Score:0

How much time do commodity computers spend doing bulk data (en)(de)cryption on average?

pt flag
Him

With the proliferation of https, and one of the primary functions of my pc being browsing the intarwebs, it occurs to me that my cpu is spending a lot of cycles doing AES en and de cryption. For the "average" PC (i.e. not servers or supercomputers, which is an interesting but different question), about what percent of one's cpu cycles are spent doing bulk data encryption? How does this compare with other normal computer tasks (e.g. "displaying graphics")?

For the sake of keeping the conversation on-focus let's just define "average percent of cpu cycles" as "# of cycles spent on AES on all laptops on March 10 2022 / total # cpu cycles on all laptops on March 10 2022". This has a single well-defined value. Back-of-envelope calculations welcome.

kelalaka avatar
in flag
Go to a hypothetical giant computer shop ( that contains all pre-April 2022 laptops, even not existing yet), buy all possible configurations, set up a system then test and find the average. Now, finally, you can answer your question. Better install OpenSSL to your 2022 March laptop and test it with OpenSSL speed and see your speed...
Him avatar
pt flag
Him
@kelalaka not even this would really help, because the answer depends on sociological factors such as the amount of time ppl spend on facebook vs using excel...
poncho avatar
my flag
@kelalaka: and the percentage of time is spent in facebook actually downloading (as opposed to viewing the downloaded content...)
Score:2
cn flag

Not really an answer but would be hard to read as comments. Feel free to downvote.
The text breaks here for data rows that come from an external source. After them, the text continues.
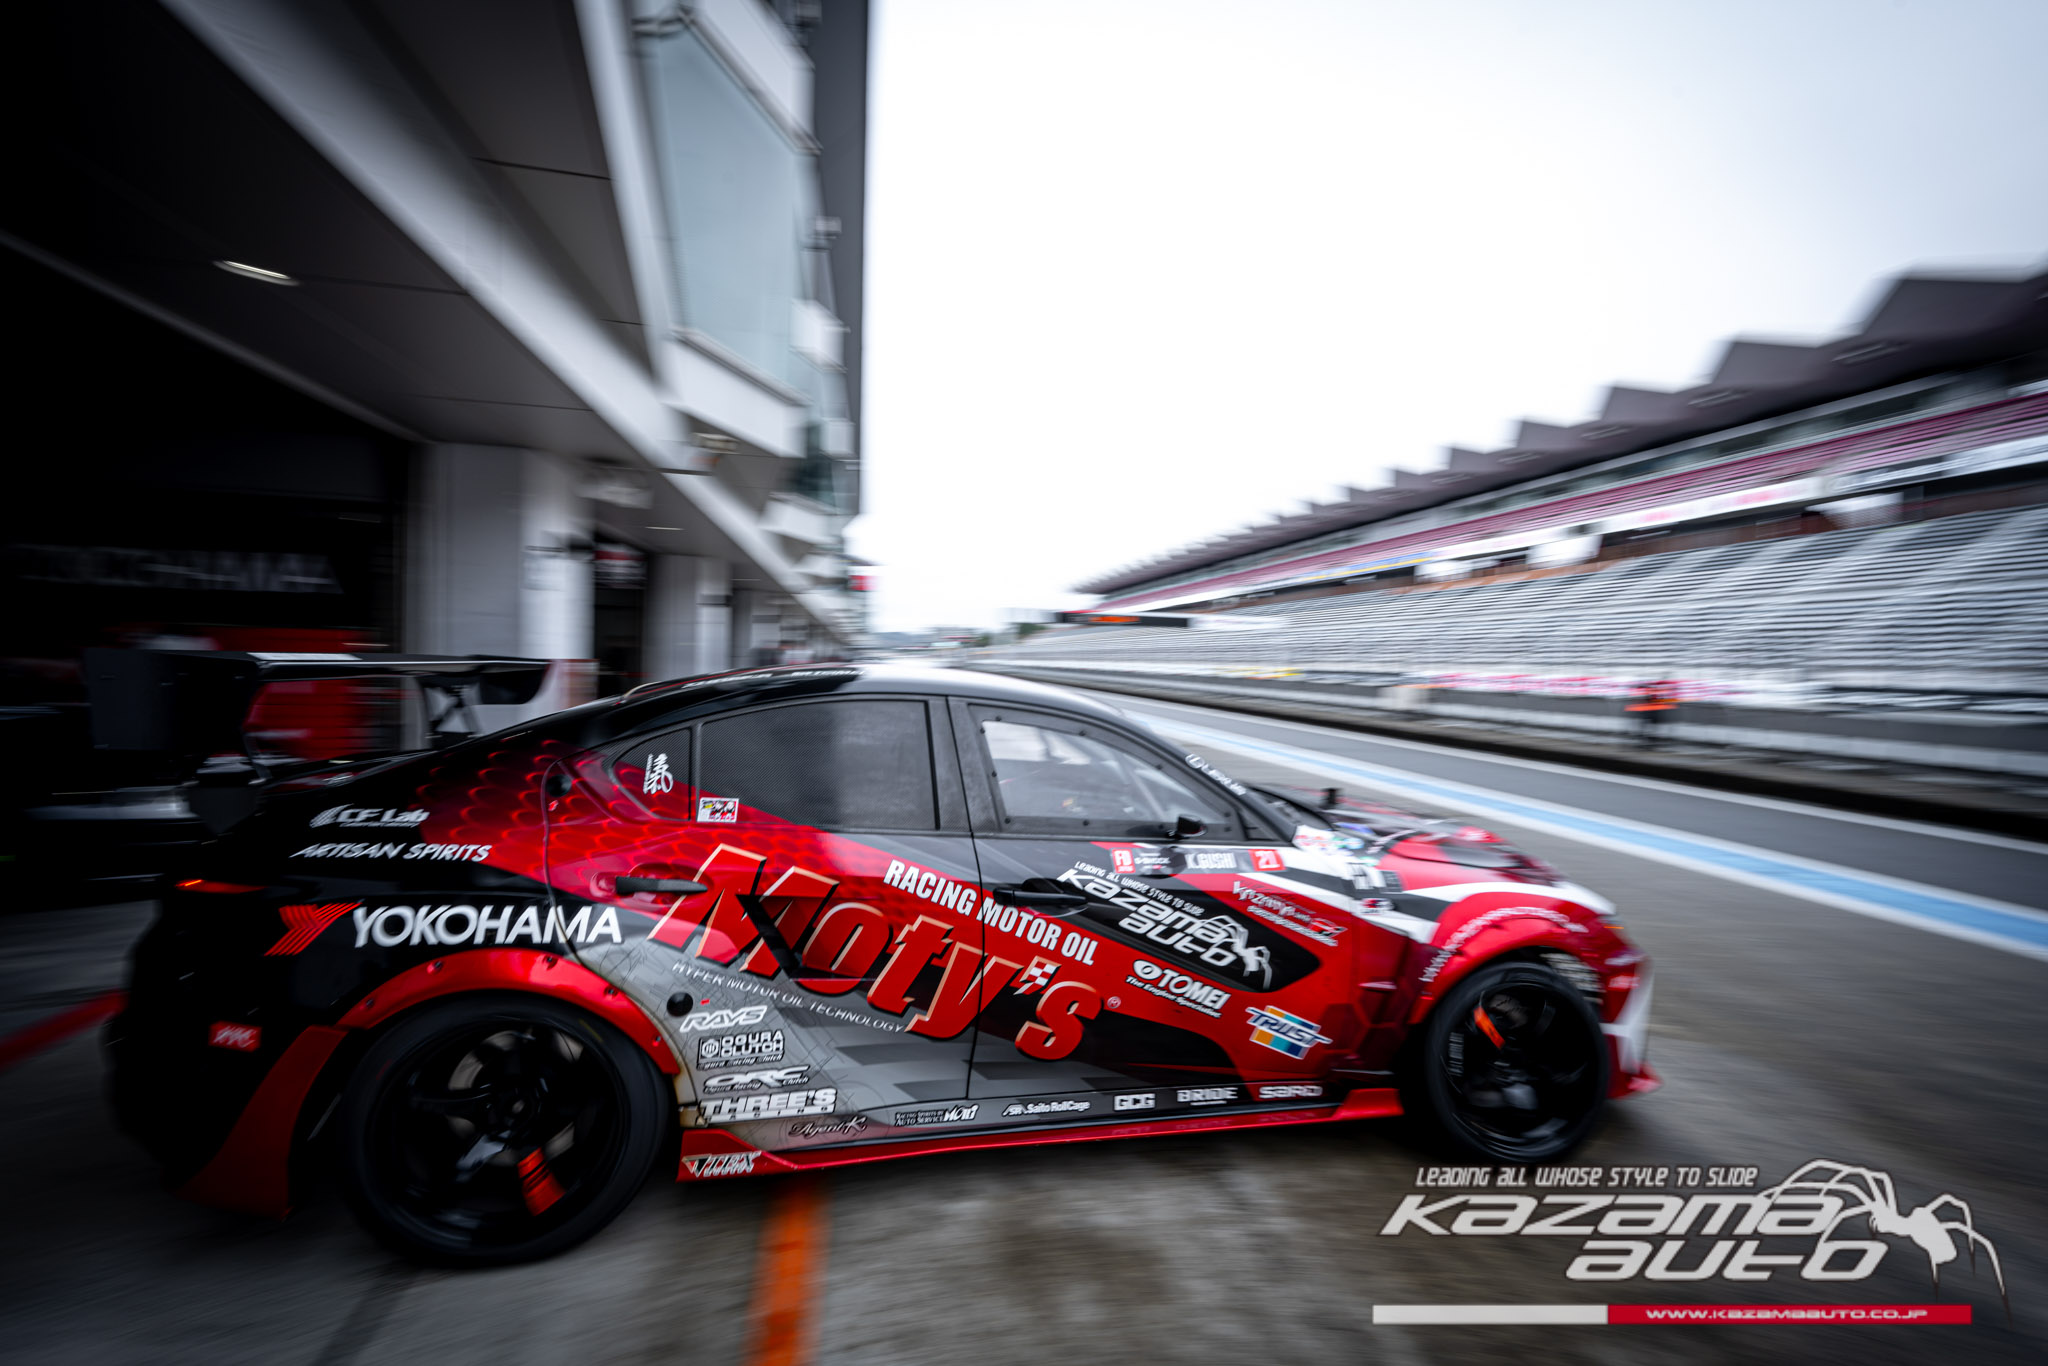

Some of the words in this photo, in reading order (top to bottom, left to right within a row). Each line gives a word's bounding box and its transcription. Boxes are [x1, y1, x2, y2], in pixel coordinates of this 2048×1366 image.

[289, 842, 406, 859] ARTISAN
[403, 844, 492, 862] SPIRITS
[1255, 850, 1281, 870] 21
[353, 904, 622, 948] YOKOHAMA
[883, 858, 977, 917] RACING
[976, 896, 1062, 951] MOTOR
[1060, 931, 1099, 966] OIL
[647, 842, 1103, 1061] Moty's
[672, 961, 724, 986] HYPER
[726, 978, 781, 1001] MOTOR
[781, 989, 805, 1009] OIL
[809, 1000, 905, 1034] TECHNOLOGY
[1157, 967, 1232, 1010] TOMEI
[680, 1005, 768, 1033] RAYS
[1246, 1007, 1333, 1046] TRUST
[721, 1030, 784, 1048] OGURA
[721, 1040, 784, 1058] CLUTCH
[704, 1065, 811, 1089] ORC
[700, 1088, 836, 1118] THREE'S
[1114, 1093, 1155, 1111] GCG
[1177, 1087, 1239, 1102] BRIDE
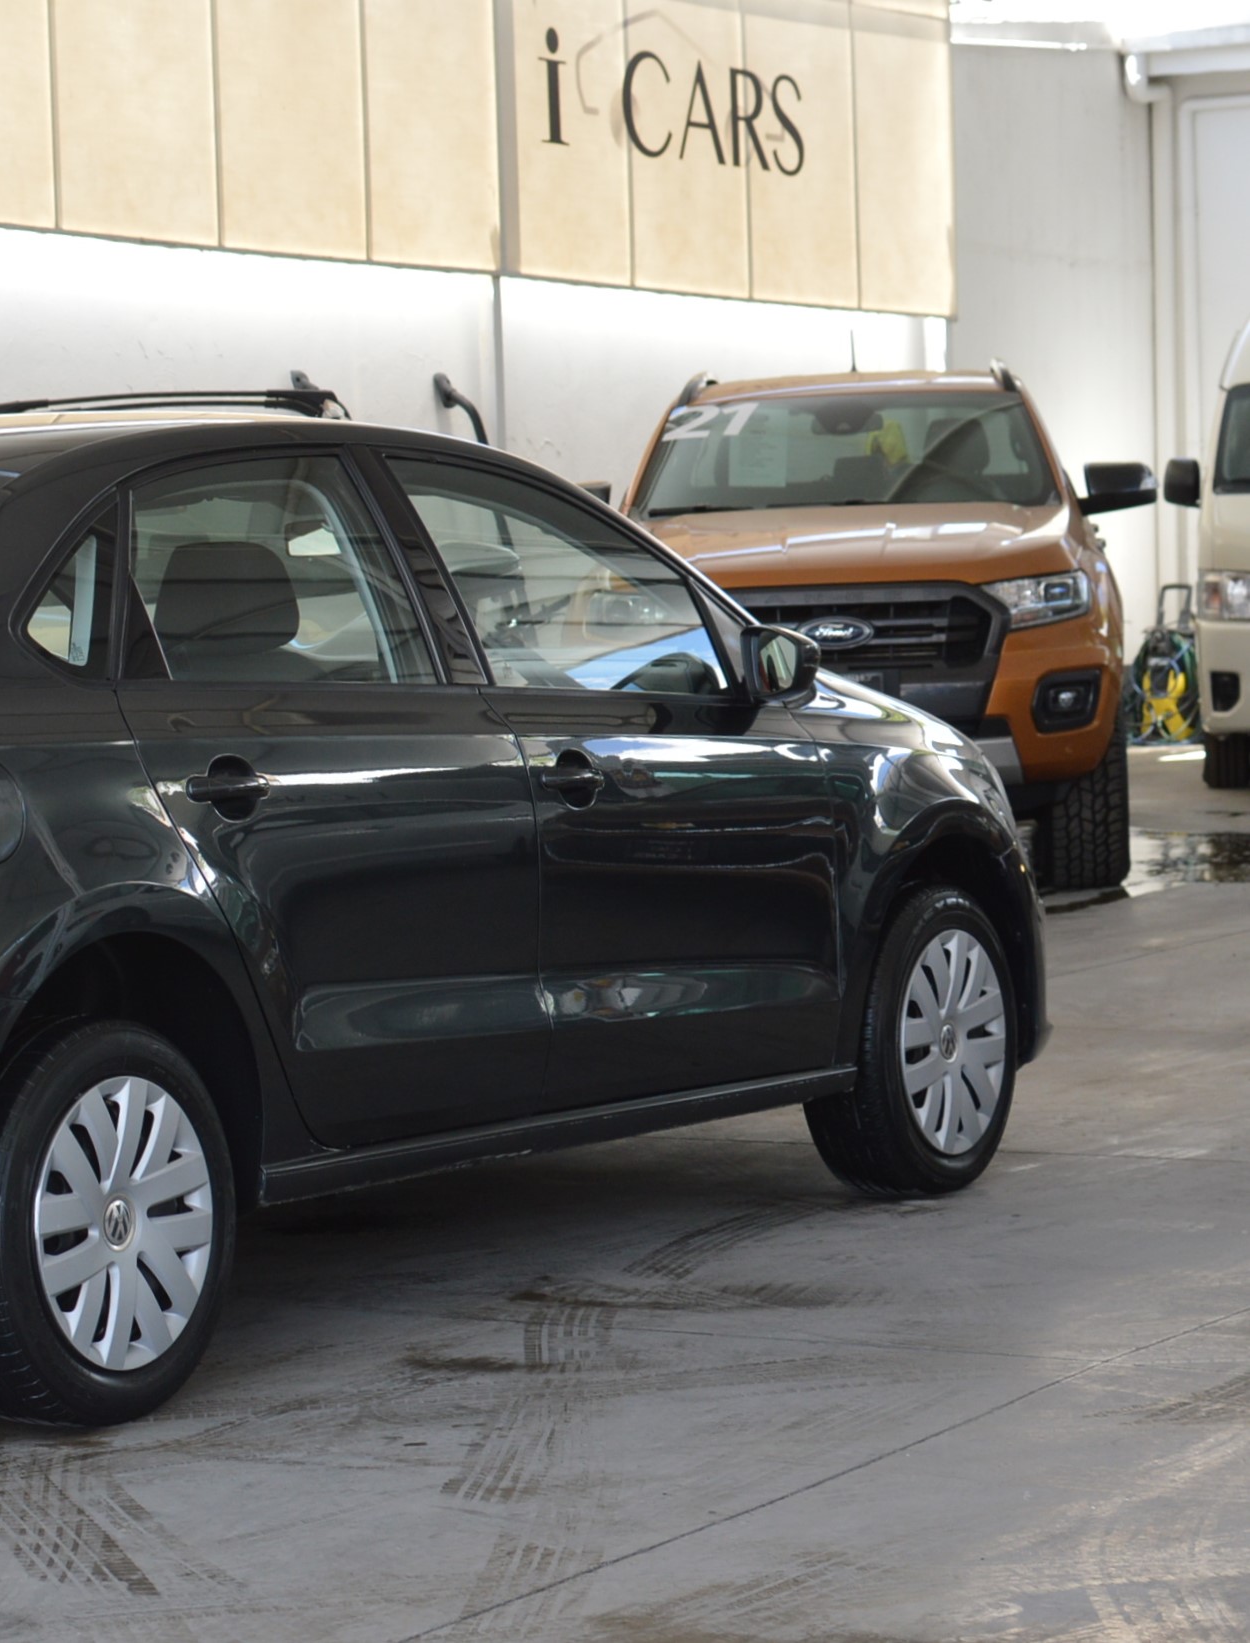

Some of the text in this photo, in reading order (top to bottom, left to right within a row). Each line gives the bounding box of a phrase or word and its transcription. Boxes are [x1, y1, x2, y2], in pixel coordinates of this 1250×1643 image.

[538, 27, 805, 177] i CARS
[661, 402, 760, 442] 21
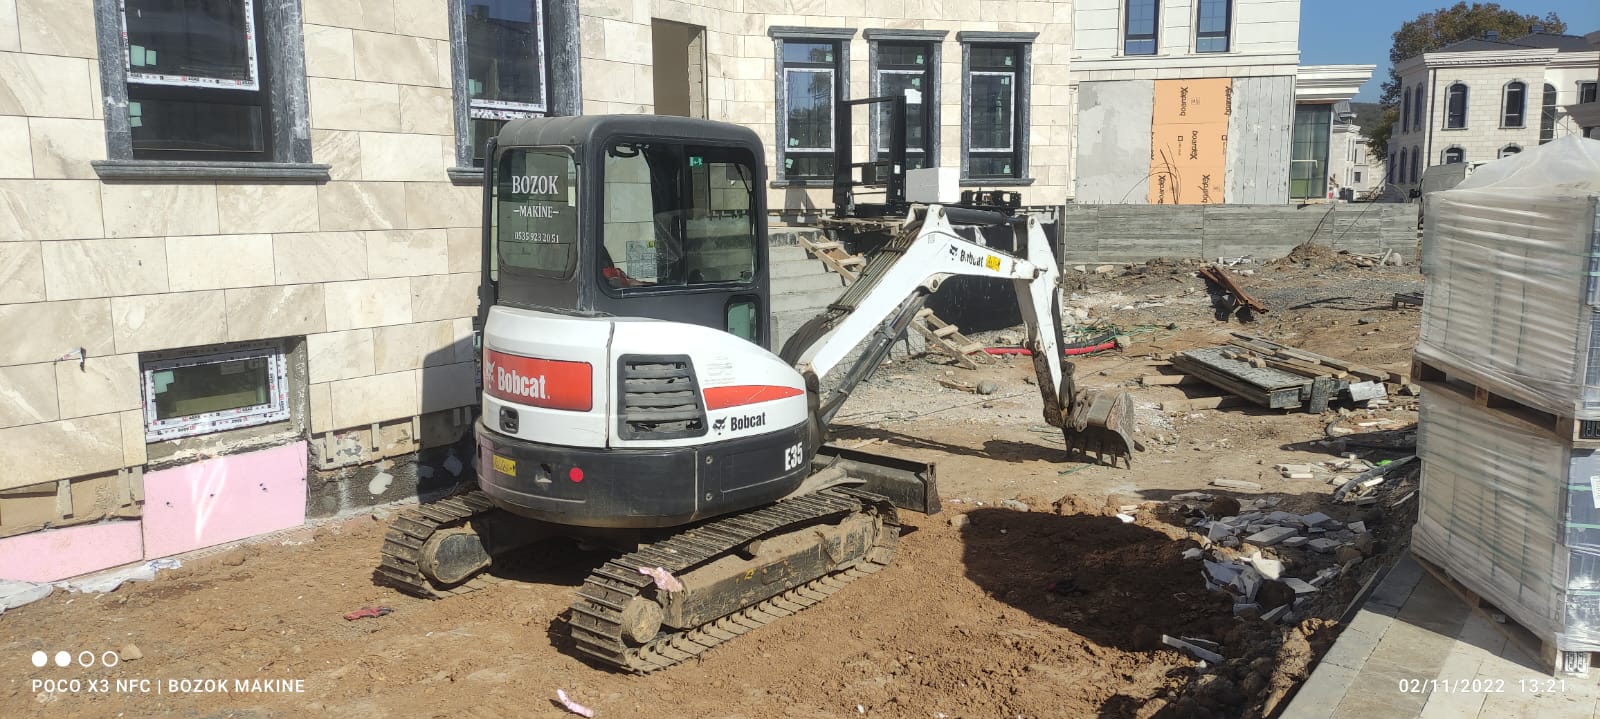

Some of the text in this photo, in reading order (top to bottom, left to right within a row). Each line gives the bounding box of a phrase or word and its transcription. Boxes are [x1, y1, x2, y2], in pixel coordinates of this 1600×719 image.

[511, 175, 559, 194] BOZOK
[514, 231, 560, 243] 0535 923 20 51
[497, 366, 546, 400] Bobcat
[730, 411, 766, 431] Bobcat
[785, 441, 803, 471] E35
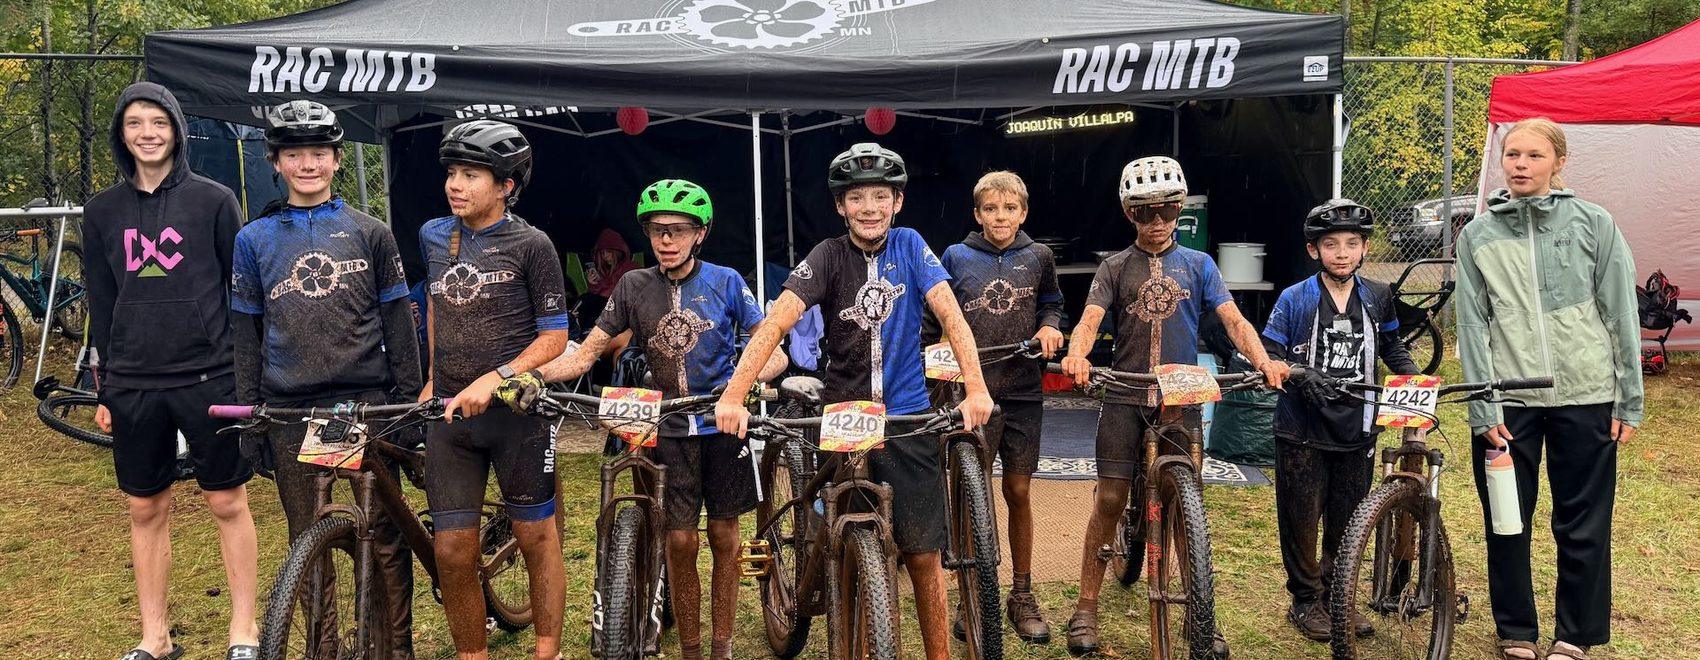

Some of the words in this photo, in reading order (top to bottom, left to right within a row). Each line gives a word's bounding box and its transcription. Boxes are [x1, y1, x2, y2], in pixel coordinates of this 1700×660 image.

Pretty much all personal (consumer) computers for the last decade have CPUs with special instructions for AES and often also GCM/GMAC, so when SSL/TLS/HTTPS uses those (and usually it does) the CPU load is minimized. However, such computers for the last two decades have almost never used CPU to display graphics (or video), but instead one or several GPU(s), so comparing 'CPU cycles' for these uses is meaningless. What does take CPU in modern web browsing is running megabytes upon megabytes of 'JavaScript' (much of it really ECMAscript, or sometimes WASM now) and 'responsive' (i.e. constantly moving to make it difficult to read or control) design.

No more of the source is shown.